Data in this exercise START

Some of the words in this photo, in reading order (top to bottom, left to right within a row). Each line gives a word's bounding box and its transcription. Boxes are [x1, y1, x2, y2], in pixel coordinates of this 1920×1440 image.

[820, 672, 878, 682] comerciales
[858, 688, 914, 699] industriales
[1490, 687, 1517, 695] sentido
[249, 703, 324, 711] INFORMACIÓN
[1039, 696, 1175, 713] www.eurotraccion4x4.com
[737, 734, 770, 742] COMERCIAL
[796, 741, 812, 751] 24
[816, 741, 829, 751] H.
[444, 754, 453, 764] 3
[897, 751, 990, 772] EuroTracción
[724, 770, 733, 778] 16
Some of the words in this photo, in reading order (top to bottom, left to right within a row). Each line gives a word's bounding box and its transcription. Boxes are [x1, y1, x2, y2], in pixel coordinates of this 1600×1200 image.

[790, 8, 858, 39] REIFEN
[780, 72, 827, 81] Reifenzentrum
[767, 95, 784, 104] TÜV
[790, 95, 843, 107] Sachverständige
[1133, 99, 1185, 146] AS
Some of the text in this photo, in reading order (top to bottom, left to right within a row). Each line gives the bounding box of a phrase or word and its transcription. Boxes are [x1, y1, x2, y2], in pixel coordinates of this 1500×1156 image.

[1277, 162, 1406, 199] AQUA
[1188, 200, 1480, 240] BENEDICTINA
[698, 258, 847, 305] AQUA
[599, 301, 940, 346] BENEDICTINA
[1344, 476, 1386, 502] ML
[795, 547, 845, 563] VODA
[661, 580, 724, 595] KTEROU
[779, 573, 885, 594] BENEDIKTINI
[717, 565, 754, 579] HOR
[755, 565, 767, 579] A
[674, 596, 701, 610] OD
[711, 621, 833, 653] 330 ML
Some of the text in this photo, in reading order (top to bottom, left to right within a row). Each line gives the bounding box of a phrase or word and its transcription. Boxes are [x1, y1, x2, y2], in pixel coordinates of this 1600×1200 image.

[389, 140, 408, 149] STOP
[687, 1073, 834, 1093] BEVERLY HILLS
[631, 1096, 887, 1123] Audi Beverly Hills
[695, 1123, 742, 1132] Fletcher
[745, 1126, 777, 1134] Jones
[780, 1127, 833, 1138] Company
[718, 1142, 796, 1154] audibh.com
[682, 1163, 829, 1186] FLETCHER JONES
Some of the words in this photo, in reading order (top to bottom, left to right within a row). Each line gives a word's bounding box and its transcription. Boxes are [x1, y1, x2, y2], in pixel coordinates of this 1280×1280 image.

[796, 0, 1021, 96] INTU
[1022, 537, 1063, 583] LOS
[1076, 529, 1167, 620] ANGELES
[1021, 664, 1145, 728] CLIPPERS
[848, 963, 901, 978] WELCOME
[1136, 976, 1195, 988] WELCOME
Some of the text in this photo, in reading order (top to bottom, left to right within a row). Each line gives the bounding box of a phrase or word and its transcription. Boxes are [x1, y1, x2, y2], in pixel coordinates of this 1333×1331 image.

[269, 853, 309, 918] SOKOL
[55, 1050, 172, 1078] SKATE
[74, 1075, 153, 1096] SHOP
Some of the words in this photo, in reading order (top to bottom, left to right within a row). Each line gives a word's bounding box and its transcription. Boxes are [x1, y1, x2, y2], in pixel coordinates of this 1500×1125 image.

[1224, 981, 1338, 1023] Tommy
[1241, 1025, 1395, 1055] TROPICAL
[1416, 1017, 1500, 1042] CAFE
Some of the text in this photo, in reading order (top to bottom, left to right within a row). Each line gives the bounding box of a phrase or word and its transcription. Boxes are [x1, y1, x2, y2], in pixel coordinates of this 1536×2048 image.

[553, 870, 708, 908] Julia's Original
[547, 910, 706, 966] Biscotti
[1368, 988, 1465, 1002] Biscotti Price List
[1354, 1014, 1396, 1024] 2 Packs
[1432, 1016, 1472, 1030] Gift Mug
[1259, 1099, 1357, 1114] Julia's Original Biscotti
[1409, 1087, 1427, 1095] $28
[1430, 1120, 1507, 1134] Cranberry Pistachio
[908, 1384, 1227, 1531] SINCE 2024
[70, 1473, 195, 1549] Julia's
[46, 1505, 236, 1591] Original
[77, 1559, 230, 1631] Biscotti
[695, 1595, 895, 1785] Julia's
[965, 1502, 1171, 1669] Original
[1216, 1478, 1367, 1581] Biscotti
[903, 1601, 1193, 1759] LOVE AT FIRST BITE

Data in this exercise END

# Required action
Print exactly the stretch of lines beginning with the one that holds "this 1500×1125 image." and ending at the last line above.

# Solved problem
Some of the words in this photo, in reading order (top to bottom, left to right within a row). Each line gives a word's bounding box and its transcription. Boxes are [x1, y1, x2, y2], in pixel coordinates of this 1500×1125 image.

[1224, 981, 1338, 1023] Tommy
[1241, 1025, 1395, 1055] TROPICAL
[1416, 1017, 1500, 1042] CAFE
Some of the text in this photo, in reading order (top to bottom, left to right within a row). Each line gives the bounding box of a phrase or word and its transcription. Boxes are [x1, y1, x2, y2], in pixel coordinates of this 1536×2048 image.

[553, 870, 708, 908] Julia's Original
[547, 910, 706, 966] Biscotti
[1368, 988, 1465, 1002] Biscotti Price List
[1354, 1014, 1396, 1024] 2 Packs
[1432, 1016, 1472, 1030] Gift Mug
[1259, 1099, 1357, 1114] Julia's Original Biscotti
[1409, 1087, 1427, 1095] $28
[1430, 1120, 1507, 1134] Cranberry Pistachio
[908, 1384, 1227, 1531] SINCE 2024
[70, 1473, 195, 1549] Julia's
[46, 1505, 236, 1591] Original
[77, 1559, 230, 1631] Biscotti
[695, 1595, 895, 1785] Julia's
[965, 1502, 1171, 1669] Original
[1216, 1478, 1367, 1581] Biscotti
[903, 1601, 1193, 1759] LOVE AT FIRST BITE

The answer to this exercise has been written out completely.